◆ **What the task requires**: Restate each entry below word for word, without skipping any.

──────── Available data ────────

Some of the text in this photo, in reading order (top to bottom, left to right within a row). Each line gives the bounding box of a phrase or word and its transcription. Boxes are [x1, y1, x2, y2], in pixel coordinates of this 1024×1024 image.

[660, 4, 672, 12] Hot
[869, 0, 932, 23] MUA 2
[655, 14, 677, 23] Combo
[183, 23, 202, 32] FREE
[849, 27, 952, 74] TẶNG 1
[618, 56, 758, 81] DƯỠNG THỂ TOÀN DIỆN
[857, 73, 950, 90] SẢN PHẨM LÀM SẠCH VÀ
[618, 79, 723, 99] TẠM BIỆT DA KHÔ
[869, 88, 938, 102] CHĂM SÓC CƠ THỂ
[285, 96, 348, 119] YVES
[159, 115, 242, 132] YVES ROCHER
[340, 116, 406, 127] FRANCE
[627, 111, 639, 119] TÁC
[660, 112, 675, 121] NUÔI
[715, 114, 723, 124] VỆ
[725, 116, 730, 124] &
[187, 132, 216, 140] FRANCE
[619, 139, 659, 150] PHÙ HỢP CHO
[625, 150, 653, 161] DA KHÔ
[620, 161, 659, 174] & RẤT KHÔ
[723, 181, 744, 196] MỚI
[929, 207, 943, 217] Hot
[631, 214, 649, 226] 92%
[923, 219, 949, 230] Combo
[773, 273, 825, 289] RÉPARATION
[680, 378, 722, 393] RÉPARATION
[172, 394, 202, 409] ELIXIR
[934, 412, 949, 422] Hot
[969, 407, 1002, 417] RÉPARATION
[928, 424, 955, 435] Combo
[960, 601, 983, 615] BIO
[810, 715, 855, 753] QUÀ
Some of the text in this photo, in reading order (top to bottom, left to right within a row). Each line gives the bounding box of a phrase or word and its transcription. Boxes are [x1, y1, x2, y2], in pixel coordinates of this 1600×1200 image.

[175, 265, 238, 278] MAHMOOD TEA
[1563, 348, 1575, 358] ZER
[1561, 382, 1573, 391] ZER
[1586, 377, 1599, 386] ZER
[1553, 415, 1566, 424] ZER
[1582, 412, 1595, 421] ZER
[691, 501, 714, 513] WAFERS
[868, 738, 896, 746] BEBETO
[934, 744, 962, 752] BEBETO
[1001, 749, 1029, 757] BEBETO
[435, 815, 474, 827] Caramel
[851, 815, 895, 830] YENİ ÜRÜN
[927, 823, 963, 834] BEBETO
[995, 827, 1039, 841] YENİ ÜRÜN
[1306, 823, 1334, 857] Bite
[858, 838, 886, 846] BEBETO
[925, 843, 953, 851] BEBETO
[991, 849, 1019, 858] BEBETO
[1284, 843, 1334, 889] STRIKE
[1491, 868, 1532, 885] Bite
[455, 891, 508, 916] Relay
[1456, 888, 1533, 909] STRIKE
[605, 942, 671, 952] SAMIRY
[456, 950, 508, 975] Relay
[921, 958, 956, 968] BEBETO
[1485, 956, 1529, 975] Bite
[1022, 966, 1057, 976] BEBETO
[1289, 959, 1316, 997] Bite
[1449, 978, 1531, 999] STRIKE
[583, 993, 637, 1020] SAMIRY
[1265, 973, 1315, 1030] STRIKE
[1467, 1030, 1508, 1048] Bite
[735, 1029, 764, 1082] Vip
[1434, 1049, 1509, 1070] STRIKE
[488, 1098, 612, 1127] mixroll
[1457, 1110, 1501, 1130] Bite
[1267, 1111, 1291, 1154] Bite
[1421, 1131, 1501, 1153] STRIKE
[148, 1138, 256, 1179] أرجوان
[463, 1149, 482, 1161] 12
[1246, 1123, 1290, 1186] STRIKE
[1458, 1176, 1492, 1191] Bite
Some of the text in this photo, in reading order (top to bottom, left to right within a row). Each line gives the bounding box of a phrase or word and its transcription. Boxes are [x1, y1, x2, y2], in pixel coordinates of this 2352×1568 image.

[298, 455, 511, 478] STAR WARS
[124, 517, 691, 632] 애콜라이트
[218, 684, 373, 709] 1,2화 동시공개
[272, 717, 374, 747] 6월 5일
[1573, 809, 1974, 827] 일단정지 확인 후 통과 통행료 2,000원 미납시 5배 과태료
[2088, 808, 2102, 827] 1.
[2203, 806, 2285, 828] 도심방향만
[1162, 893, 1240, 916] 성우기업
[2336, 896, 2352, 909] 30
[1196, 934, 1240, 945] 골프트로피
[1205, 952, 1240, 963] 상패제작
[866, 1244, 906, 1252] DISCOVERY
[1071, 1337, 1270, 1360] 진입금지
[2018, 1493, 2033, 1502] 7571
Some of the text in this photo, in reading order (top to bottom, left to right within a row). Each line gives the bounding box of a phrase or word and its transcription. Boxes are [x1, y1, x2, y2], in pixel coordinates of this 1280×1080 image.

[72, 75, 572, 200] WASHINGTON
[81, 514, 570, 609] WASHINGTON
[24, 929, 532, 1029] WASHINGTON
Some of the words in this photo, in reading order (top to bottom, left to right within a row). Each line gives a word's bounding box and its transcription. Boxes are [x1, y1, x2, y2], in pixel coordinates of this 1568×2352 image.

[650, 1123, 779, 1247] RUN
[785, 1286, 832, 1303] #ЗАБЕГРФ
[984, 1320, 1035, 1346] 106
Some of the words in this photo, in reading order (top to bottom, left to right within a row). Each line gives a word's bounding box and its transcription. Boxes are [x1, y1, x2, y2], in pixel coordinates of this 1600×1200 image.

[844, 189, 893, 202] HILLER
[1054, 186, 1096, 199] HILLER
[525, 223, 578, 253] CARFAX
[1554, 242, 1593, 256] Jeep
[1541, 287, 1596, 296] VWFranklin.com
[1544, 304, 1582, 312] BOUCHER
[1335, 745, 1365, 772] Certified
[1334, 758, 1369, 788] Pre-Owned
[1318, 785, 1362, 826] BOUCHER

────────

◆ **Answer box**:
Some of the text in this photo, in reading order (top to bottom, left to right within a row). Each line gives the bounding box of a phrase or word and its transcription. Boxes are [x1, y1, x2, y2], in pixel coordinates of this 1024×1024 image.

[660, 4, 672, 12] Hot
[869, 0, 932, 23] MUA 2
[655, 14, 677, 23] Combo
[183, 23, 202, 32] FREE
[849, 27, 952, 74] TẶNG 1
[618, 56, 758, 81] DƯỠNG THỂ TOÀN DIỆN
[857, 73, 950, 90] SẢN PHẨM LÀM SẠCH VÀ
[618, 79, 723, 99] TẠM BIỆT DA KHÔ
[869, 88, 938, 102] CHĂM SÓC CƠ THỂ
[285, 96, 348, 119] YVES
[159, 115, 242, 132] YVES ROCHER
[340, 116, 406, 127] FRANCE
[627, 111, 639, 119] TÁC
[660, 112, 675, 121] NUÔI
[715, 114, 723, 124] VỆ
[725, 116, 730, 124] &
[187, 132, 216, 140] FRANCE
[619, 139, 659, 150] PHÙ HỢP CHO
[625, 150, 653, 161] DA KHÔ
[620, 161, 659, 174] & RẤT KHÔ
[723, 181, 744, 196] MỚI
[929, 207, 943, 217] Hot
[631, 214, 649, 226] 92%
[923, 219, 949, 230] Combo
[773, 273, 825, 289] RÉPARATION
[680, 378, 722, 393] RÉPARATION
[172, 394, 202, 409] ELIXIR
[934, 412, 949, 422] Hot
[969, 407, 1002, 417] RÉPARATION
[928, 424, 955, 435] Combo
[960, 601, 983, 615] BIO
[810, 715, 855, 753] QUÀ
Some of the text in this photo, in reading order (top to bottom, left to right within a row). Each line gives the bounding box of a phrase or word and its transcription. Boxes are [x1, y1, x2, y2], in pixel coordinates of this 1600×1200 image.

[175, 265, 238, 278] MAHMOOD TEA
[1563, 348, 1575, 358] ZER
[1561, 382, 1573, 391] ZER
[1586, 377, 1599, 386] ZER
[1553, 415, 1566, 424] ZER
[1582, 412, 1595, 421] ZER
[691, 501, 714, 513] WAFERS
[868, 738, 896, 746] BEBETO
[934, 744, 962, 752] BEBETO
[1001, 749, 1029, 757] BEBETO
[435, 815, 474, 827] Caramel
[851, 815, 895, 830] YENİ ÜRÜN
[927, 823, 963, 834] BEBETO
[995, 827, 1039, 841] YENİ ÜRÜN
[1306, 823, 1334, 857] Bite
[858, 838, 886, 846] BEBETO
[925, 843, 953, 851] BEBETO
[991, 849, 1019, 858] BEBETO
[1284, 843, 1334, 889] STRIKE
[1491, 868, 1532, 885] Bite
[455, 891, 508, 916] Relay
[1456, 888, 1533, 909] STRIKE
[605, 942, 671, 952] SAMIRY
[456, 950, 508, 975] Relay
[921, 958, 956, 968] BEBETO
[1485, 956, 1529, 975] Bite
[1022, 966, 1057, 976] BEBETO
[1289, 959, 1316, 997] Bite
[1449, 978, 1531, 999] STRIKE
[583, 993, 637, 1020] SAMIRY
[1265, 973, 1315, 1030] STRIKE
[1467, 1030, 1508, 1048] Bite
[735, 1029, 764, 1082] Vip
[1434, 1049, 1509, 1070] STRIKE
[488, 1098, 612, 1127] mixroll
[1457, 1110, 1501, 1130] Bite
[1267, 1111, 1291, 1154] Bite
[1421, 1131, 1501, 1153] STRIKE
[148, 1138, 256, 1179] أرجوان
[463, 1149, 482, 1161] 12
[1246, 1123, 1290, 1186] STRIKE
[1458, 1176, 1492, 1191] Bite
Some of the text in this photo, in reading order (top to bottom, left to right within a row). Each line gives the bounding box of a phrase or word and its transcription. Boxes are [x1, y1, x2, y2], in pixel coordinates of this 2352×1568 image.

[298, 455, 511, 478] STAR WARS
[124, 517, 691, 632] 애콜라이트
[218, 684, 373, 709] 1,2화 동시공개
[272, 717, 374, 747] 6월 5일
[1573, 809, 1974, 827] 일단정지 확인 후 통과 통행료 2,000원 미납시 5배 과태료
[2088, 808, 2102, 827] 1.
[2203, 806, 2285, 828] 도심방향만
[1162, 893, 1240, 916] 성우기업
[2336, 896, 2352, 909] 30
[1196, 934, 1240, 945] 골프트로피
[1205, 952, 1240, 963] 상패제작
[866, 1244, 906, 1252] DISCOVERY
[1071, 1337, 1270, 1360] 진입금지
[2018, 1493, 2033, 1502] 7571
Some of the text in this photo, in reading order (top to bottom, left to right within a row). Each line gives the bounding box of a phrase or word and its transcription. Boxes are [x1, y1, x2, y2], in pixel coordinates of this 1280×1080 image.

[72, 75, 572, 200] WASHINGTON
[81, 514, 570, 609] WASHINGTON
[24, 929, 532, 1029] WASHINGTON
Some of the words in this photo, in reading order (top to bottom, left to right within a row). Each line gives a word's bounding box and its transcription. Boxes are [x1, y1, x2, y2], in pixel coordinates of this 1568×2352 image.

[650, 1123, 779, 1247] RUN
[785, 1286, 832, 1303] #ЗАБЕГРФ
[984, 1320, 1035, 1346] 106
Some of the words in this photo, in reading order (top to bottom, left to right within a row). Each line gives a word's bounding box and its transcription. Boxes are [x1, y1, x2, y2], in pixel coordinates of this 1600×1200 image.

[844, 189, 893, 202] HILLER
[1054, 186, 1096, 199] HILLER
[525, 223, 578, 253] CARFAX
[1554, 242, 1593, 256] Jeep
[1541, 287, 1596, 296] VWFranklin.com
[1544, 304, 1582, 312] BOUCHER
[1335, 745, 1365, 772] Certified
[1334, 758, 1369, 788] Pre-Owned
[1318, 785, 1362, 826] BOUCHER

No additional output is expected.